Timeline & continuity

Deep history
The ethreaal & the stealers
Long before the kingdoms, ancient powers shaped Pellas and left it. The priesthoods still argue about what they were — and the stealers are the part of that history the world would rather forget.
Pre-series
A world drifting modern
Weyland edges toward parliament, rail and radio; Vandia perfects industrial slavery; and a frontier pastor named Jacob Carnehan buries the violent man he used to be.
Book 1
In Dark Service
Raiders fall on Northhaven and carry its children across the world to the Vandian sky-mines. A father sets out to bring his son home.
Book 2
Foul Tide's Turning
The Kingdom of Weyland tips into civil war, the wind-pilots of Rodal are drawn in, and a quietly terrifying courtier begins advising the wrong people.
Book 3
The Stealers' War
Open war breaks across continents — and the ancient power the trilogy is named for steps out from behind the curtain at last.

Characters

Pastor / father
Jacob Carnehan
Pastor of Northhaven, with a violent past he tried to bury.

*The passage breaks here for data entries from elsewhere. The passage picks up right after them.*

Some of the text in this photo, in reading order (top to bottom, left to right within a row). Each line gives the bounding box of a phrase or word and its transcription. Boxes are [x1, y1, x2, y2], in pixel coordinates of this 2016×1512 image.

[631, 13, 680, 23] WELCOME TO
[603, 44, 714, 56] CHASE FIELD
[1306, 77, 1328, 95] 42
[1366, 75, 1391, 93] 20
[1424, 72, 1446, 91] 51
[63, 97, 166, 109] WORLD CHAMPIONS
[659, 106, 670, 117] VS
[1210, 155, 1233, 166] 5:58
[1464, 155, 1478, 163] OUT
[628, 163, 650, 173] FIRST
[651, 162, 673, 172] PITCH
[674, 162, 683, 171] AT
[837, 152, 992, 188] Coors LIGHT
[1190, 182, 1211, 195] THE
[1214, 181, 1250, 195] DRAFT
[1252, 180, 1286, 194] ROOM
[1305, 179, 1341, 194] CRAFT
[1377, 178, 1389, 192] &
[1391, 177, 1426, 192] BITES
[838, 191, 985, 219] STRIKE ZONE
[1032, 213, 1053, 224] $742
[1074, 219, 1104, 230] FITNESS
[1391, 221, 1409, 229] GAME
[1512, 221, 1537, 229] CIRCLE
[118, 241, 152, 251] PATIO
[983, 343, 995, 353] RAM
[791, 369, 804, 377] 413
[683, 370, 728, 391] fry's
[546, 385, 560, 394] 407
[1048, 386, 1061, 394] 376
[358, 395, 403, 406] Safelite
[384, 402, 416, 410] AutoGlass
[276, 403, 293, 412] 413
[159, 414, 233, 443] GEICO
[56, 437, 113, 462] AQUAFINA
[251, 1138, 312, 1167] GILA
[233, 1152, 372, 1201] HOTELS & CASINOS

When raiders take his son, the man he spent twenty years burying comes back.
Son / slave
Carter Carnehan
Jacob's teenage son, taken to the Vandian sky-mines — growing up at the speed and unkindness that slavery permits.
Heir / rebel
Willow Landor
A wealthy merchant's daughter, taken in the opening raid, who carries a steel the early chapters never telegraph.
Vandian princess
Princess Cassandra Skar
A princess of a leading Vandian house, introduced under conditions that don't flatter her relatives — tougher, and more divided, than they know.
Great-house head
Helrena Skar
Cassandra's mother and head of her house; ambitious in ways that are neither entirely venal nor entirely safe.
Usurper king
King Marcus
Weyland's urbane, charming sovereign, whose constitutional carelessness becomes a war.
Nijumeti warrior
Alexamir Arinnbold
A young horde warrior — blue-skinned, romantic in the steppe way, forever crossing his clan's lines for the wrong reasons and being right anyway.
Sorcerer / trickster
Sariel
An impossibly old traveller who introduces himself as a sorcerer of some repute and is rarely as harmless as his patter suggests — the doorway into the trilogy's strangest material.

Glossary

Pellas
The endless world the series unfolds across — so vast that no single map of it is ever complete.
The Vandian Imperium
The slaver empire on the far side of the Lancean Ocean, whose sky-mines run on captive labour.
Rodal
The mountain wind-republic, built into vertical cliffs and defended by pilots who read — and summon — the wind.
The Nijumeti
The blue-skinned, cold-resistant confederated nomads of the eastern steppes.
The gasks
The quilled, peaceful, mathematical forest people of Quehanna, who can see a step ahead in probability.
The stealers
The ancient power the frontier only whispers about — the deep-time antagonist the trilogy is named for.

Good to know

🛈Content & sensitivity notes

The Far-called series is adult epic fantasy with a grimdark register — unflinching about its world without wallowing. The Vandian Imperium runs on industrial slavery, rendered as the obscenity it is; violence across raids, civil war and air-battles is competent and consequential; major characters die and grief is given its space; and religion appears both as real faith and as belief weaponised. There is no graphic sexual content used for shock. Best for thoughtful older-teen and adult readers.